An exact reproduction of the listing, minus the pictures, is the required output.

________________

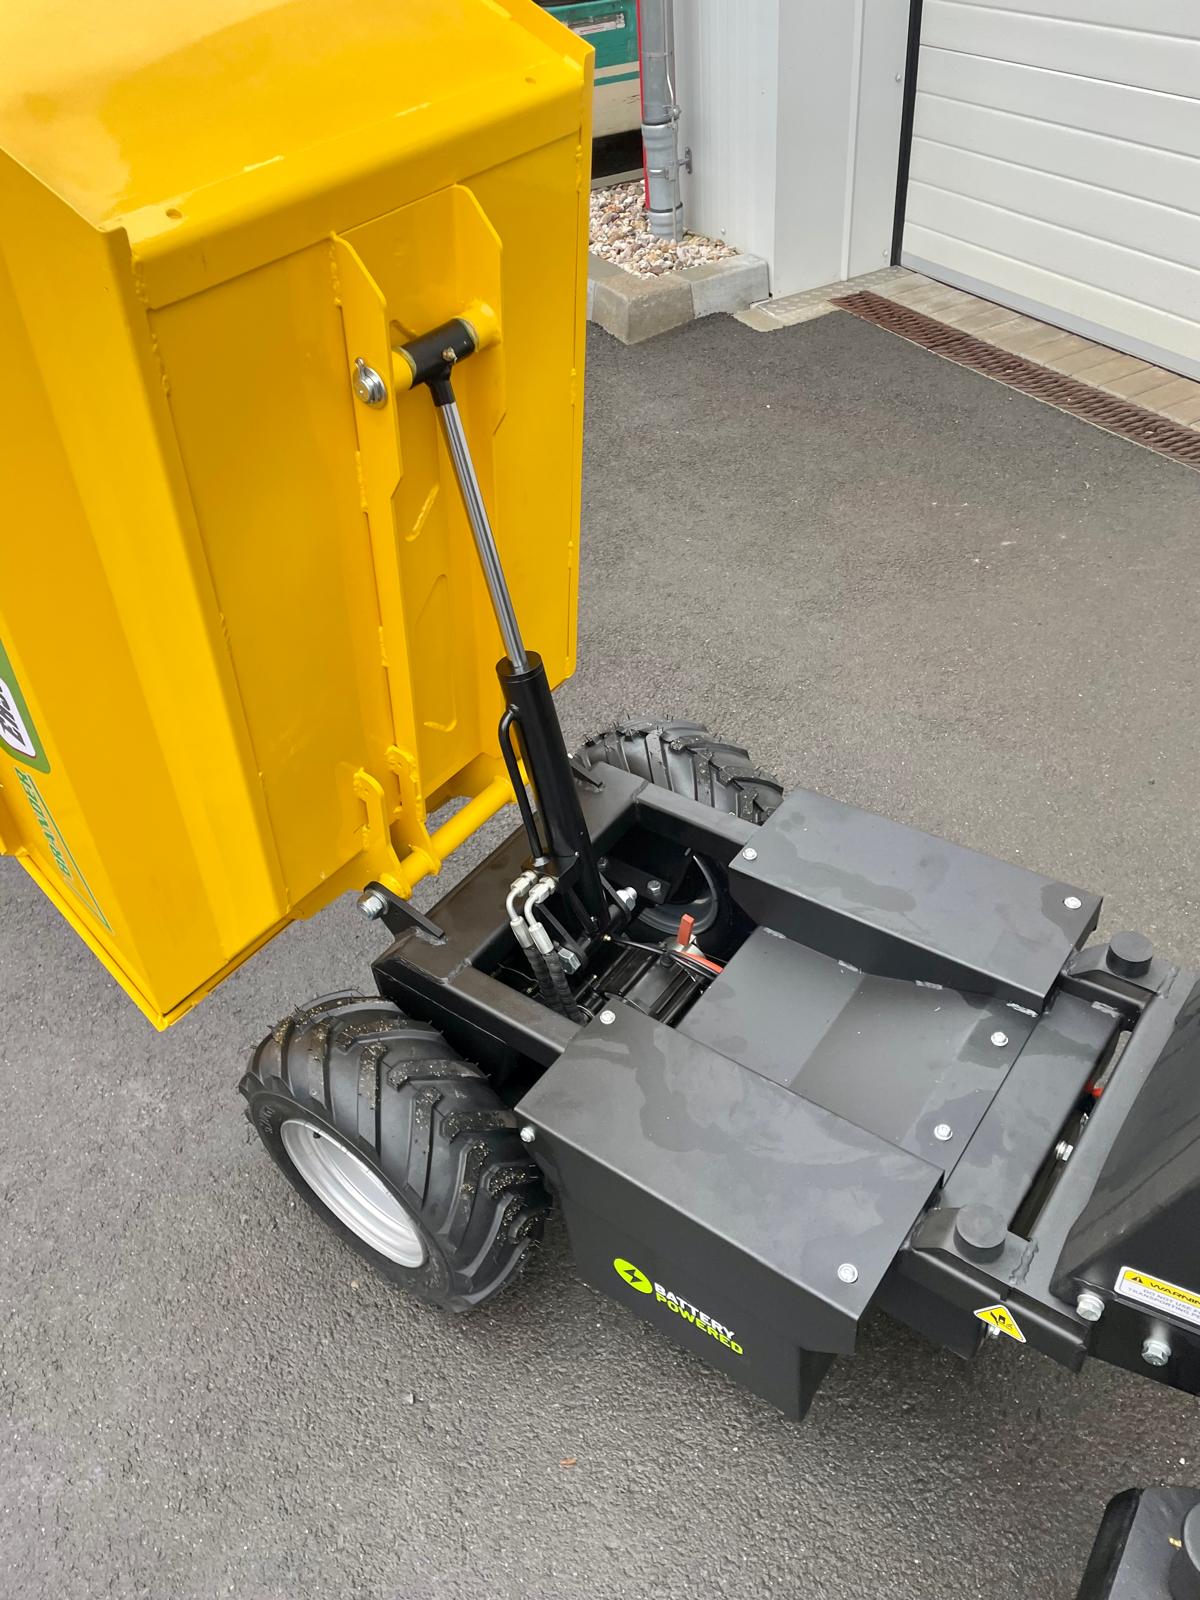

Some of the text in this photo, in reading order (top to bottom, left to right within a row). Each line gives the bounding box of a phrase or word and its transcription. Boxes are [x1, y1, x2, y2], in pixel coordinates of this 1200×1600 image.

[654, 1282, 735, 1339] BATTERY
[1128, 1287, 1190, 1314] TRANSPORTING
[1143, 1289, 1155, 1297] DO
[1157, 1294, 1173, 1303] NOT
[1175, 1301, 1191, 1311] USE
[655, 1292, 743, 1355] POWERED
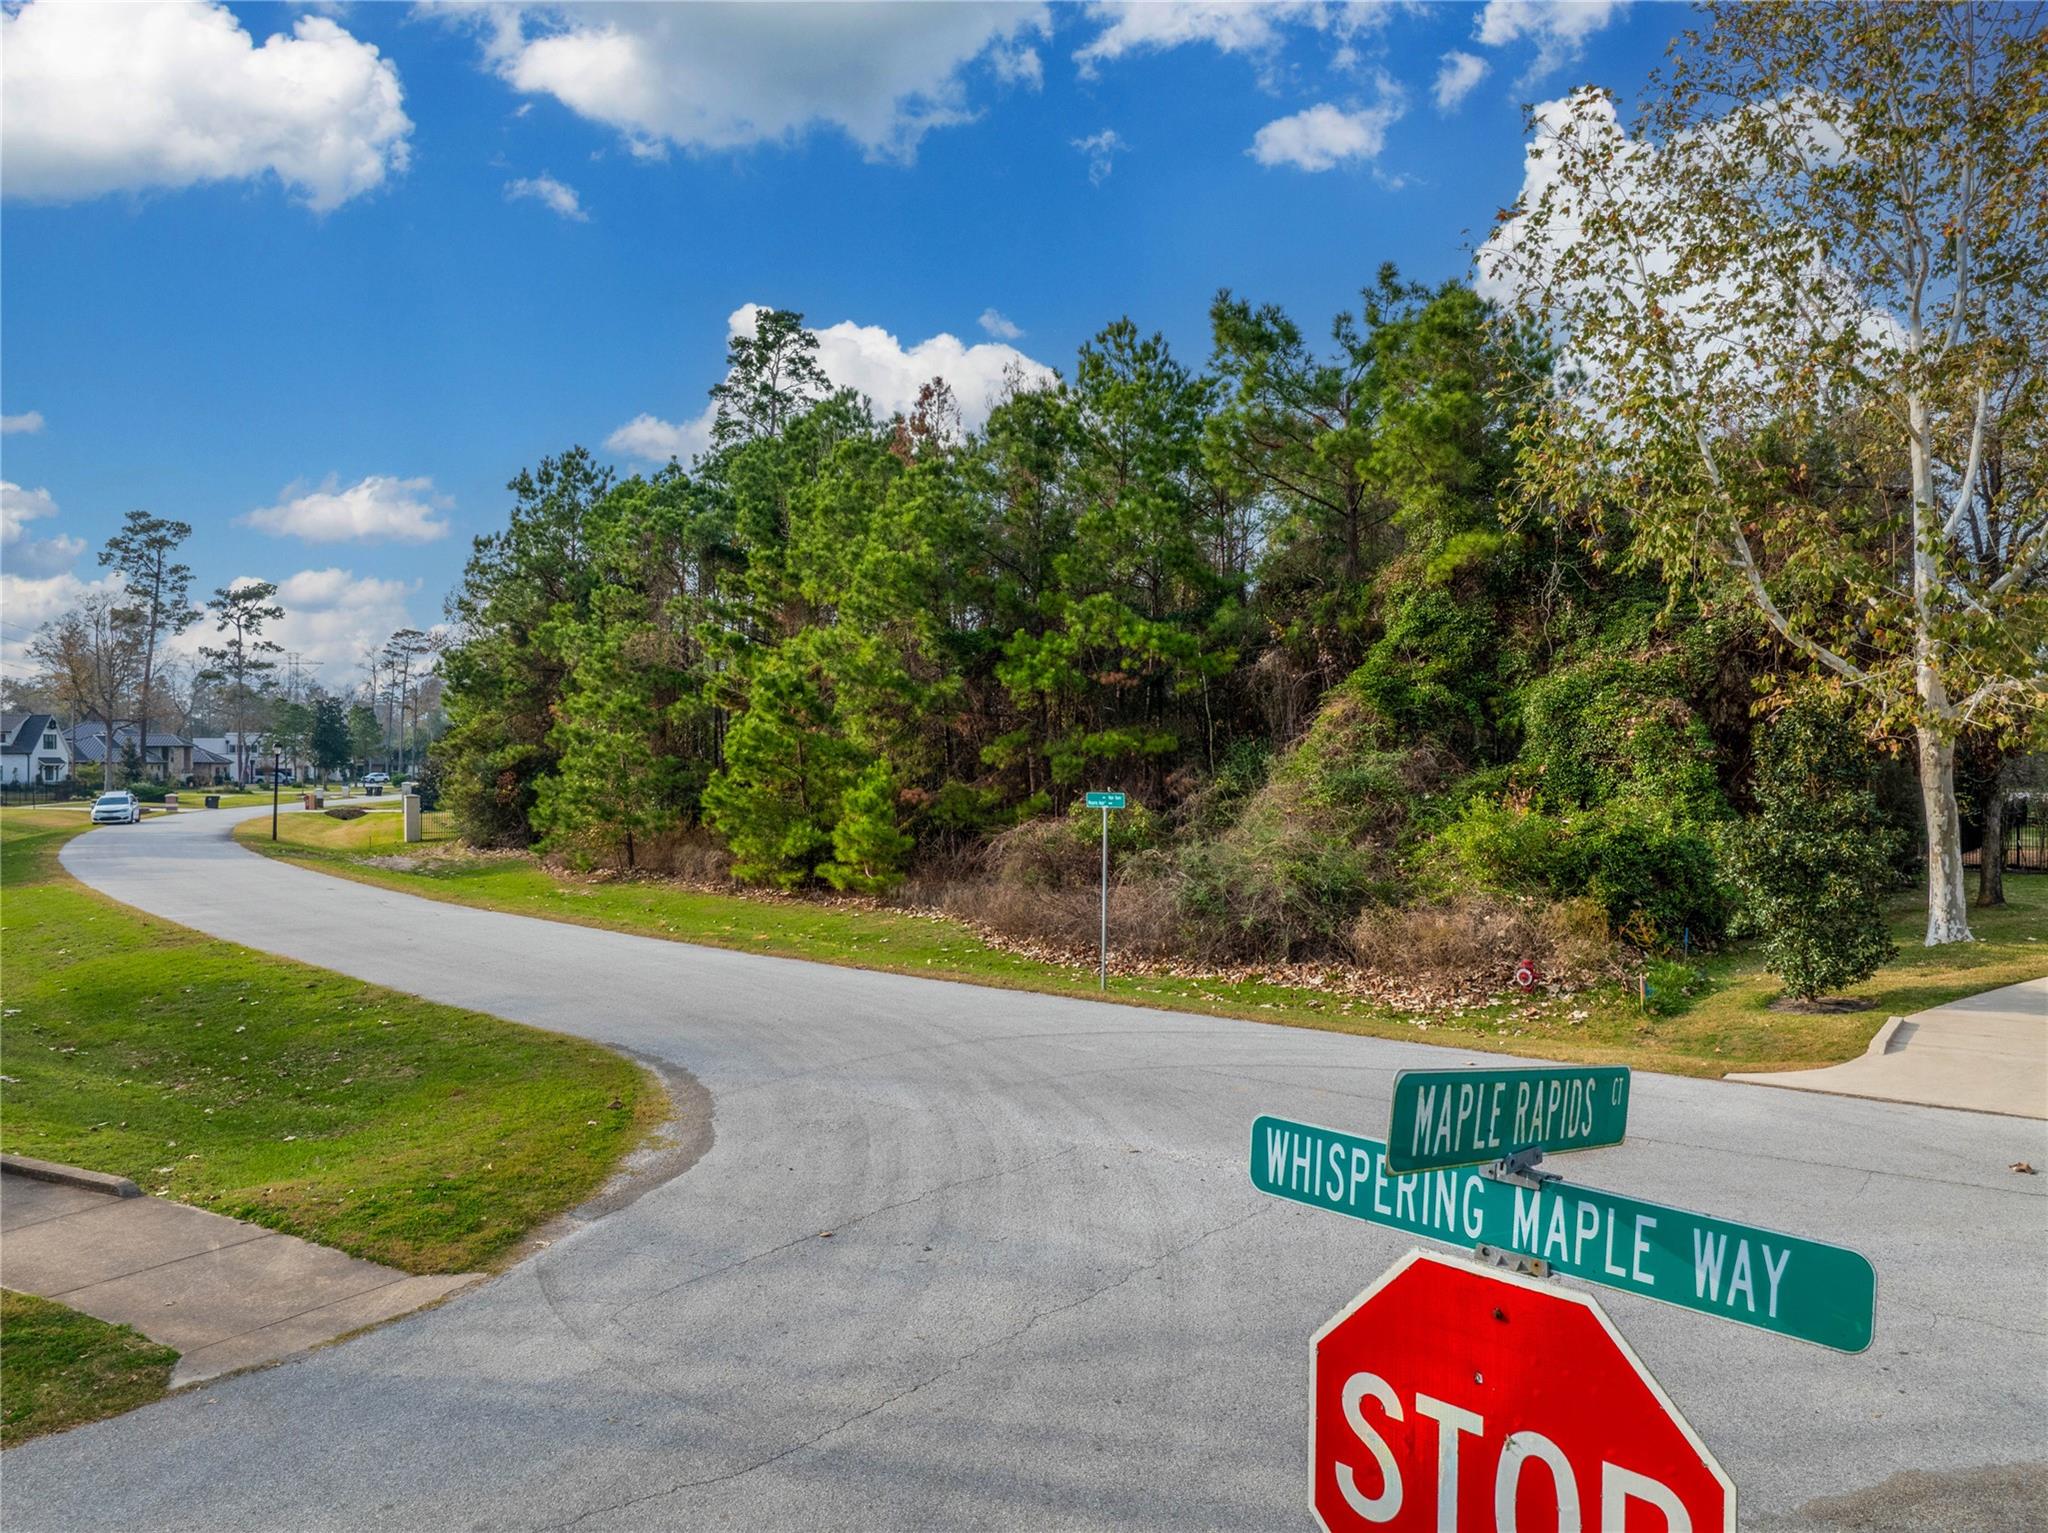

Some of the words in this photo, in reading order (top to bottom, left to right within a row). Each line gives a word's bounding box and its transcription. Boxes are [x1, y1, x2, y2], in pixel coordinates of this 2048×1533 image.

[1411, 1082, 1506, 1156] MAPLE
[1513, 1077, 1596, 1144] RAPIDS
[1611, 1077, 1625, 1106] CT
[1266, 1126, 1486, 1240] WHISPERING
[1512, 1185, 1657, 1285] MAPLE
[1693, 1227, 1791, 1318] WAY
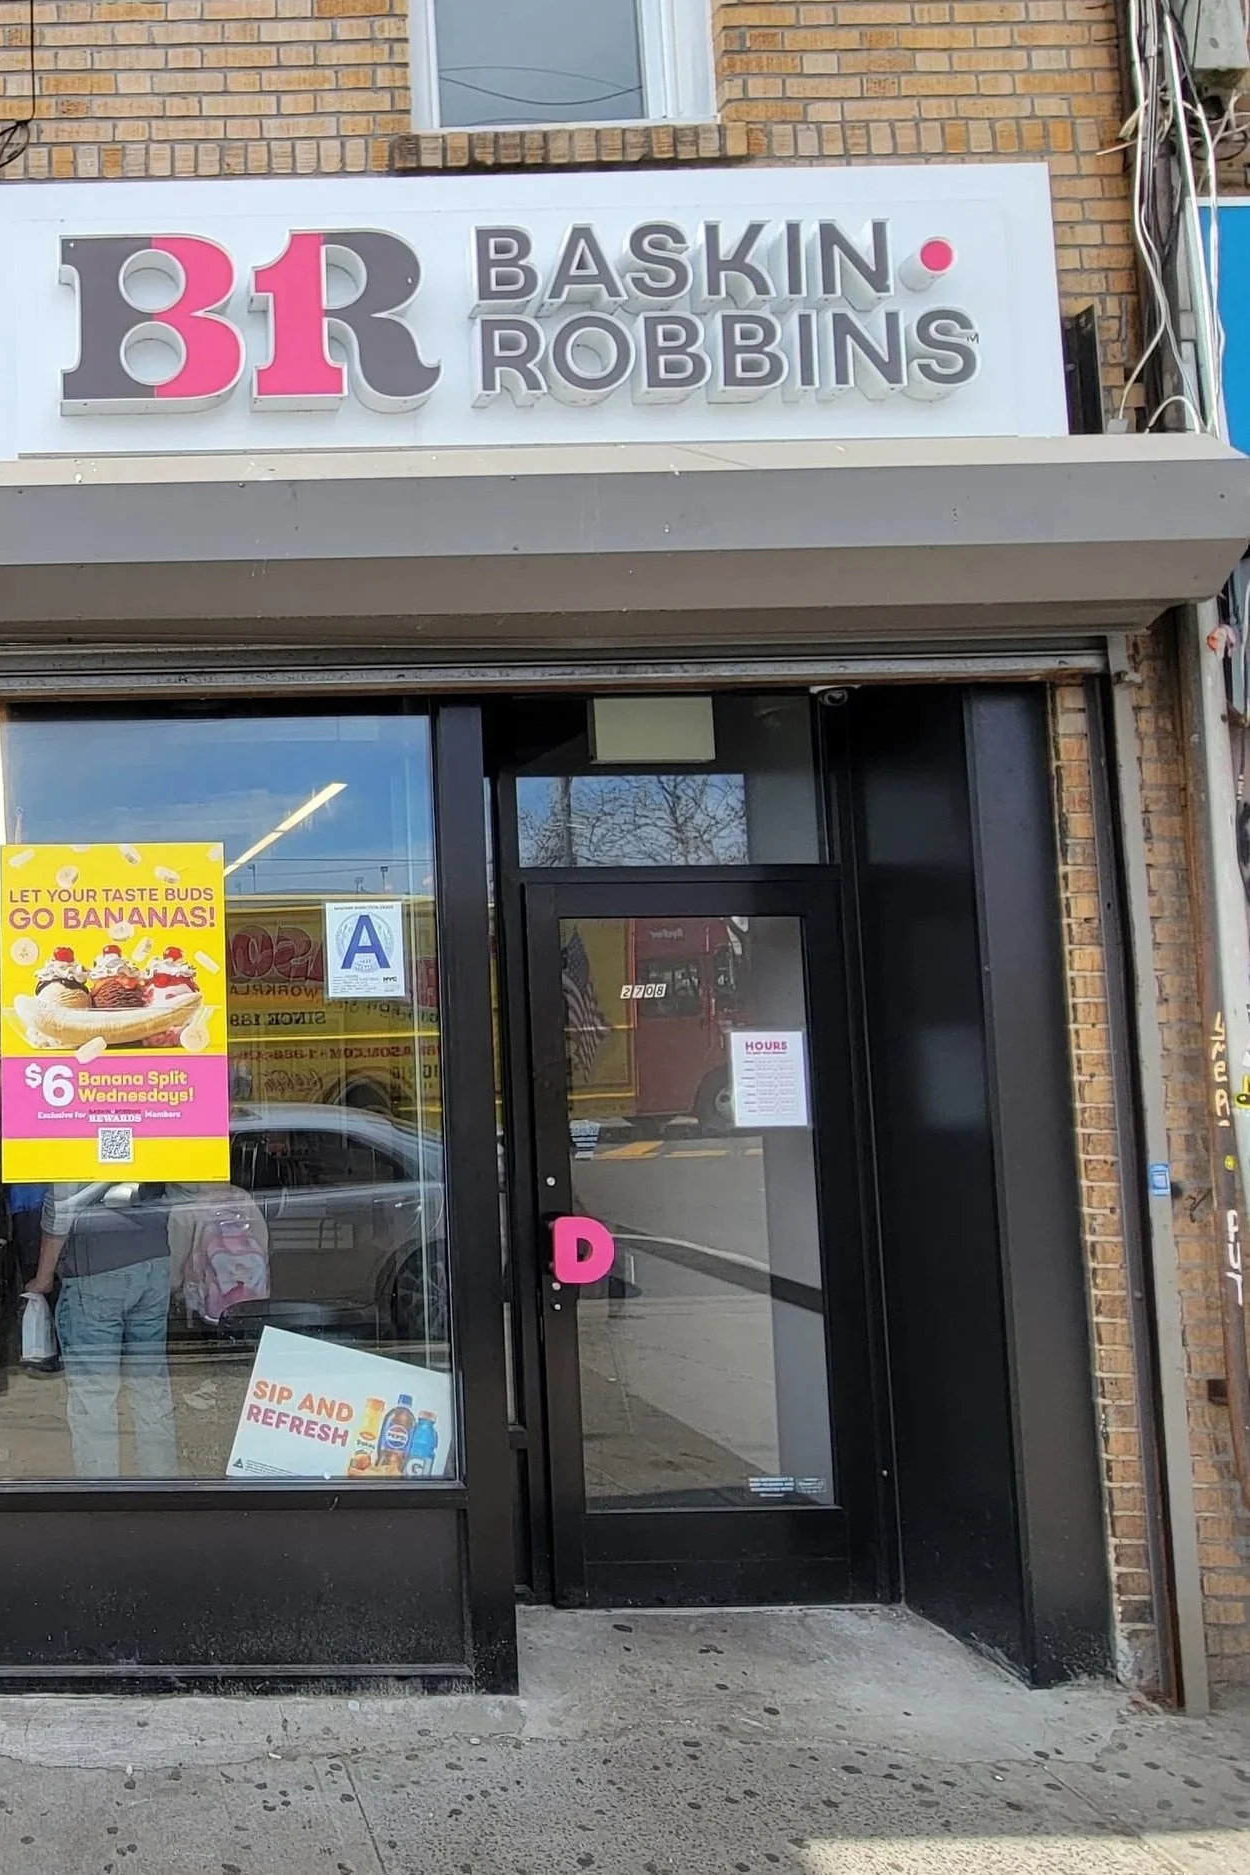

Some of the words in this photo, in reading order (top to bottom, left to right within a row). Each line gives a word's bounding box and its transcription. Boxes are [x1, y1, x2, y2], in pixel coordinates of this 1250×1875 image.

[474, 219, 893, 305] BASKIN
[60, 229, 443, 408] BR
[474, 309, 978, 397] ROBBINS
[9, 889, 42, 903] LET
[46, 888, 97, 903] YOUR
[102, 888, 159, 902] TASTE
[165, 887, 214, 901] BUDS
[8, 907, 55, 929] GO
[63, 905, 216, 929] BANANAS!
[341, 914, 391, 970] A
[622, 985, 665, 998] 2708
[745, 1041, 788, 1051] HOURS
[24, 1062, 75, 1107] $6
[78, 1071, 144, 1087] Banana
[147, 1070, 189, 1090] Split
[78, 1087, 194, 1106] Wednesdays!
[74, 1110, 87, 1120] for
[88, 1114, 143, 1123] REWARDS
[145, 1110, 181, 1119] Members
[554, 1216, 615, 1284] D
[253, 1380, 293, 1405] SIP
[298, 1393, 354, 1422] AND
[247, 1404, 349, 1448] REFRESH

________________

* [Worked solution]
Some of the text in this photo, in reading order (top to bottom, left to right within a row). Each line gives the bounding box of a phrase or word and its transcription. Boxes are [x1, y1, x2, y2], in pixel coordinates of this 1200×1600 image.

[654, 1282, 735, 1339] BATTERY
[1128, 1287, 1190, 1314] TRANSPORTING
[1143, 1289, 1155, 1297] DO
[1157, 1294, 1173, 1303] NOT
[1175, 1301, 1191, 1311] USE
[655, 1292, 743, 1355] POWERED

Some of the words in this photo, in reading order (top to bottom, left to right within a row). Each line gives a word's bounding box and its transcription. Boxes are [x1, y1, x2, y2], in pixel coordinates of this 2048×1533 image.

[1411, 1082, 1506, 1156] MAPLE
[1513, 1077, 1596, 1144] RAPIDS
[1611, 1077, 1625, 1106] CT
[1266, 1126, 1486, 1240] WHISPERING
[1512, 1185, 1657, 1285] MAPLE
[1693, 1227, 1791, 1318] WAY

Some of the words in this photo, in reading order (top to bottom, left to right within a row). Each line gives a word's bounding box and its transcription. Boxes are [x1, y1, x2, y2], in pixel coordinates of this 1250×1875 image.

[474, 219, 893, 305] BASKIN
[60, 229, 443, 408] BR
[474, 309, 978, 397] ROBBINS
[9, 889, 42, 903] LET
[46, 888, 97, 903] YOUR
[102, 888, 159, 902] TASTE
[165, 887, 214, 901] BUDS
[8, 907, 55, 929] GO
[63, 905, 216, 929] BANANAS!
[341, 914, 391, 970] A
[622, 985, 665, 998] 2708
[745, 1041, 788, 1051] HOURS
[24, 1062, 75, 1107] $6
[78, 1071, 144, 1087] Banana
[147, 1070, 189, 1090] Split
[78, 1087, 194, 1106] Wednesdays!
[74, 1110, 87, 1120] for
[88, 1114, 143, 1123] REWARDS
[145, 1110, 181, 1119] Members
[554, 1216, 615, 1284] D
[253, 1380, 293, 1405] SIP
[298, 1393, 354, 1422] AND
[247, 1404, 349, 1448] REFRESH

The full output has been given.